Yesterday, I presented a poster on this blog series at the Association for Education Finance and Policy, in Denver, and I had a challenge: how does one present a broad-brush historical argument in this format? So I hacked the idea of a poster, which is to present a limited amount of information as an entree to a discussion with people who decide they’re interested in the topic… and created a chart thematically tied to this series, rescaled to show proportionate changes (with the bottom of the chart representing the greatest proportionate loss 2020-2023 from the 2019 baseline), but without labeling the data:
I used the majority of the poster space for this figure, added the poster title, a QR code tied to the first entry in this series, and added some whimsical and clearly false labels to the series on sticky notes: bear spray sales, time spent not on Twitter, and good hair days.
I invited fellow AEFP attendees to make guesses and label the data. I answered questions without giving away the store, and here is how the poster looked at the end of the session:
And of course I promised to reveal what the actual sources were. Here’s the labeled figure:
Sources:
- OpenTable’s State of Industry data
- St. Louis Federal Reserve Bank FRED data server (women’s labor force participation chart)

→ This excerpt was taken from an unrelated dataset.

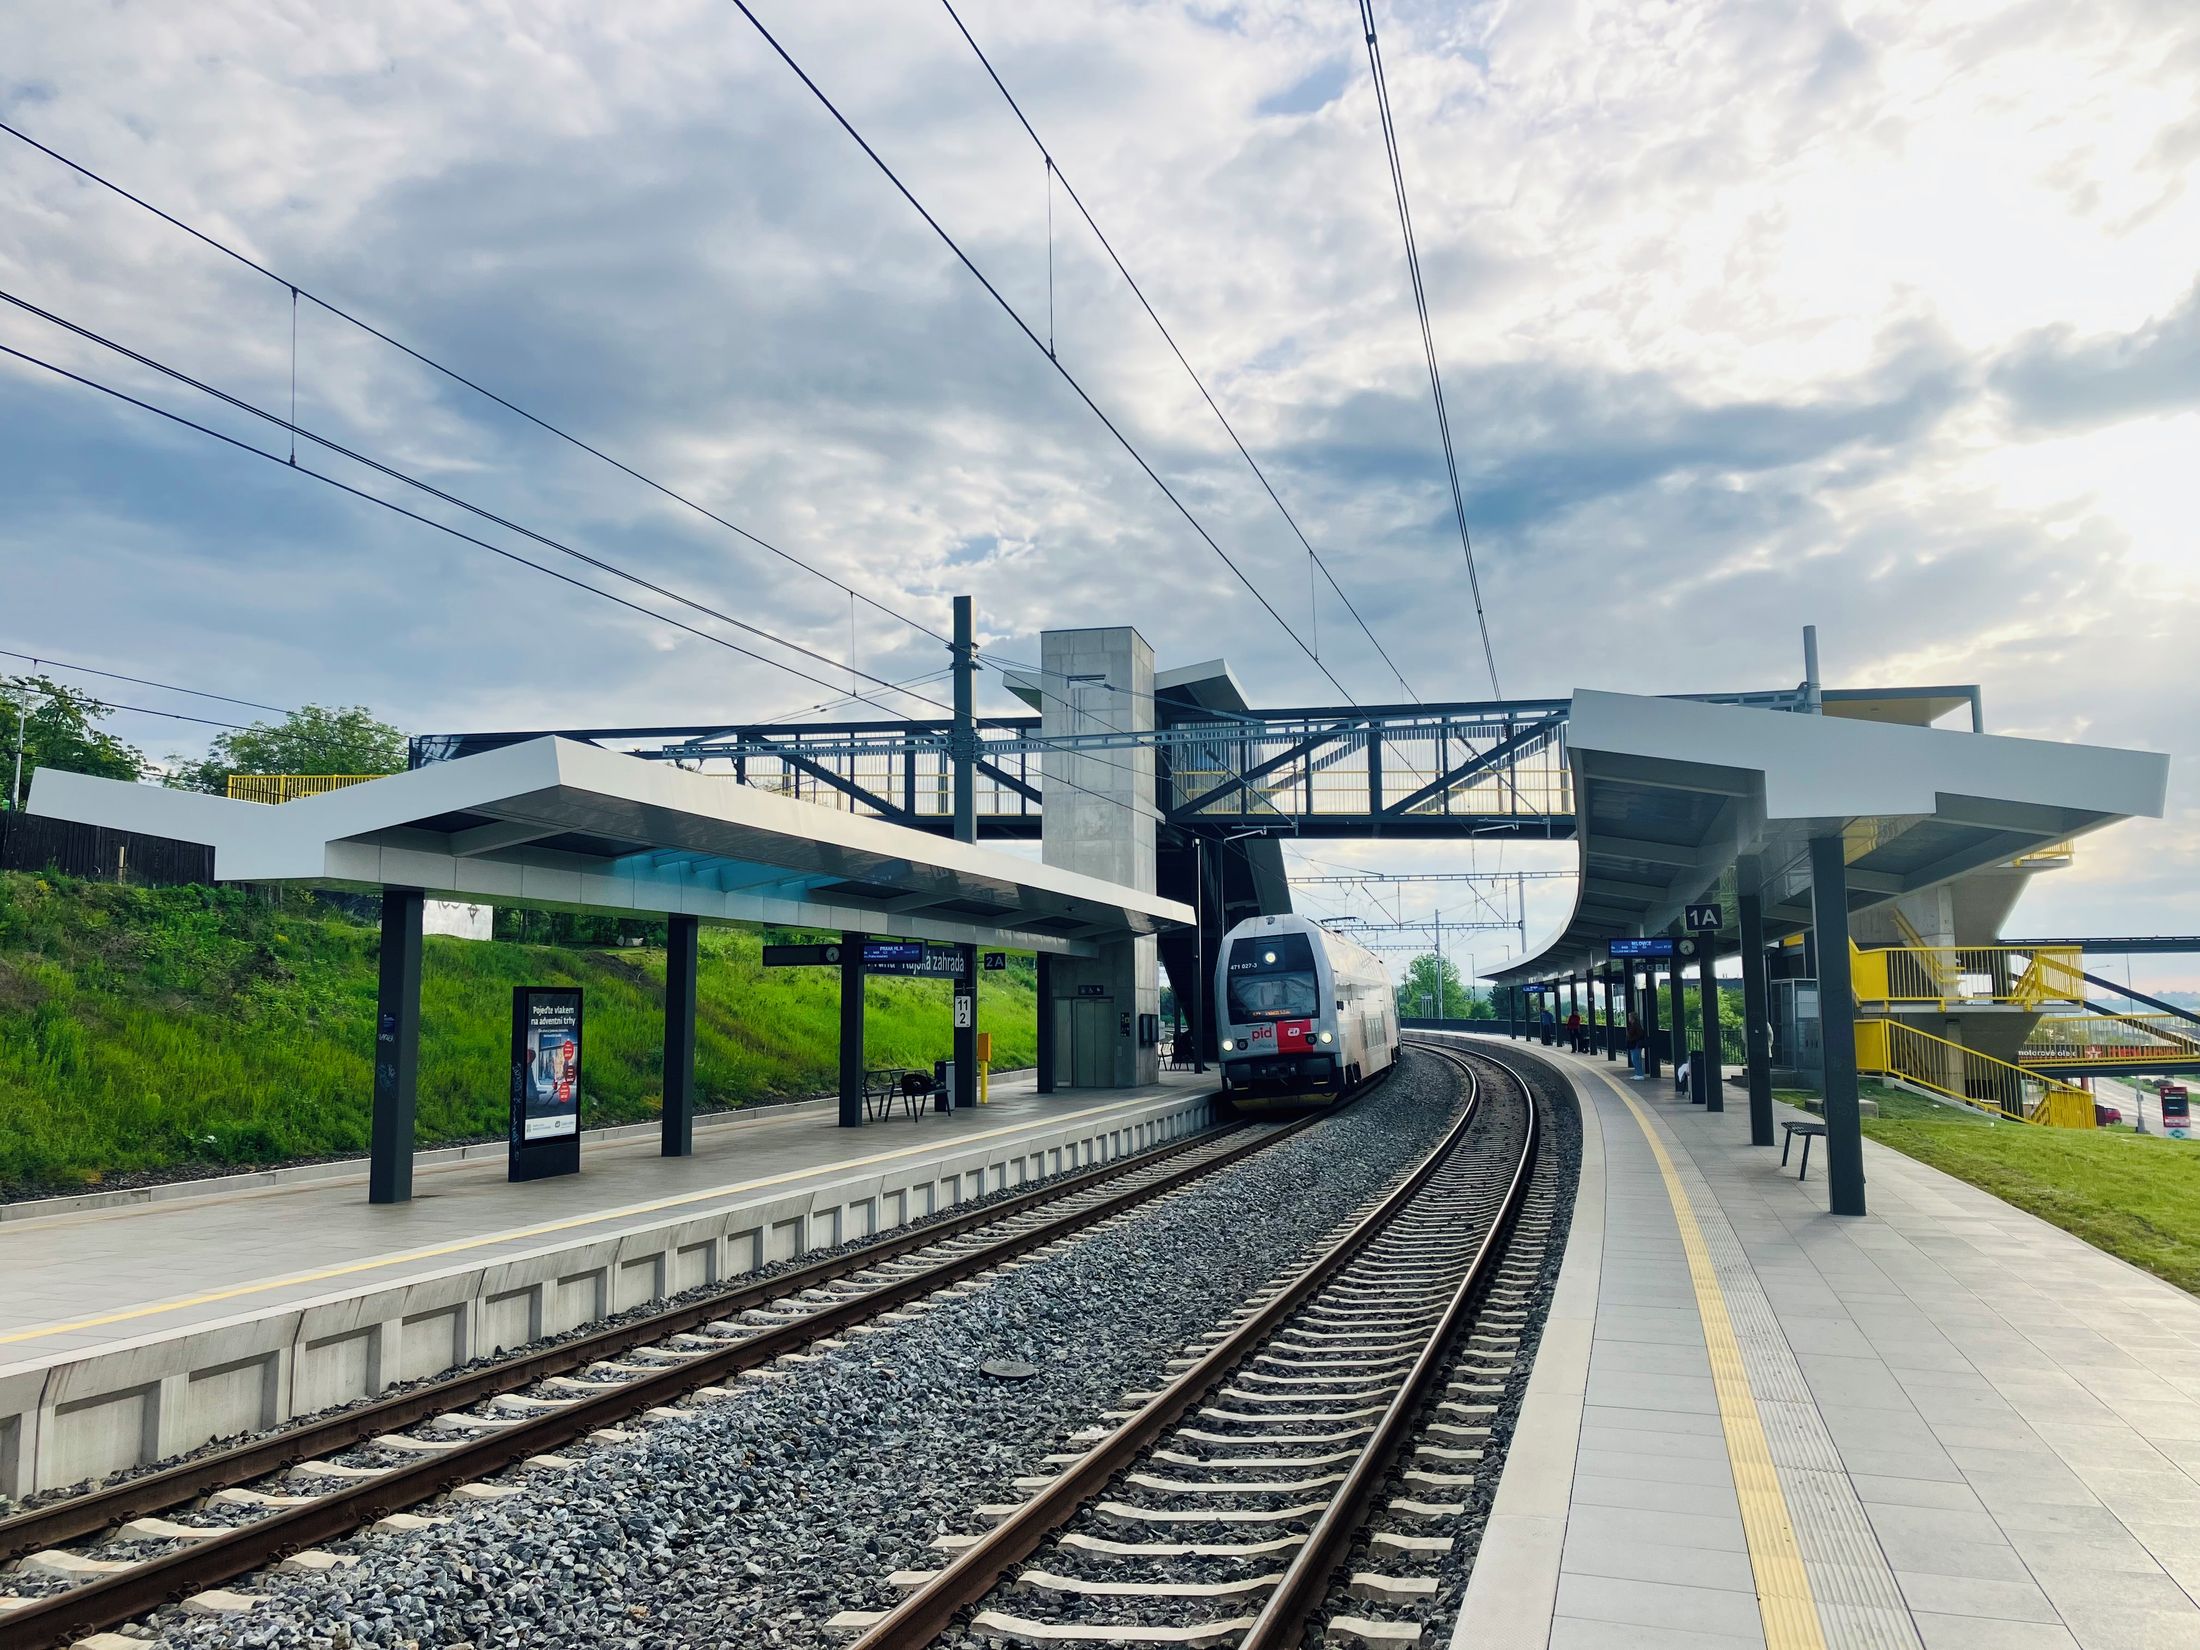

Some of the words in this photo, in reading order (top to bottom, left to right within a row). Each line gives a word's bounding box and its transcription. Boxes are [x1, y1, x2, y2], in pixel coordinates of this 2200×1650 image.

- NWEA pandemic-era student achievement data dashboard
When I downloaded the OpenTable reservation data and arbitrarily picked the 20th of each month, the Mother’s Day spike of 2021 became obvious, and I decided to leave it as a tantalizing hint. The Illinois MAP data has a large gap for 2020 when no periodic testing happened, and I thought that along with the persistence of the drop, that was going to be obvious to someone who looked at the figure. But no one guessed that. I forget who guessed that the orange line was about labor-force participation, but Chris Marsicano (Davidson College) correctly guessed that the blue line was about restaurants, even if he narrowed it to NYC.
There are a few questions I hope this figure raises, from questions about the basic data (what does the OpenTable data tell us, exactly, or the MAP data?) to the different cadences within a society during and after major disruption, and what else (along with K-12 achievement and women’s labor force participation, to a lesser extent) has the multi-year pandemic effects so evident here?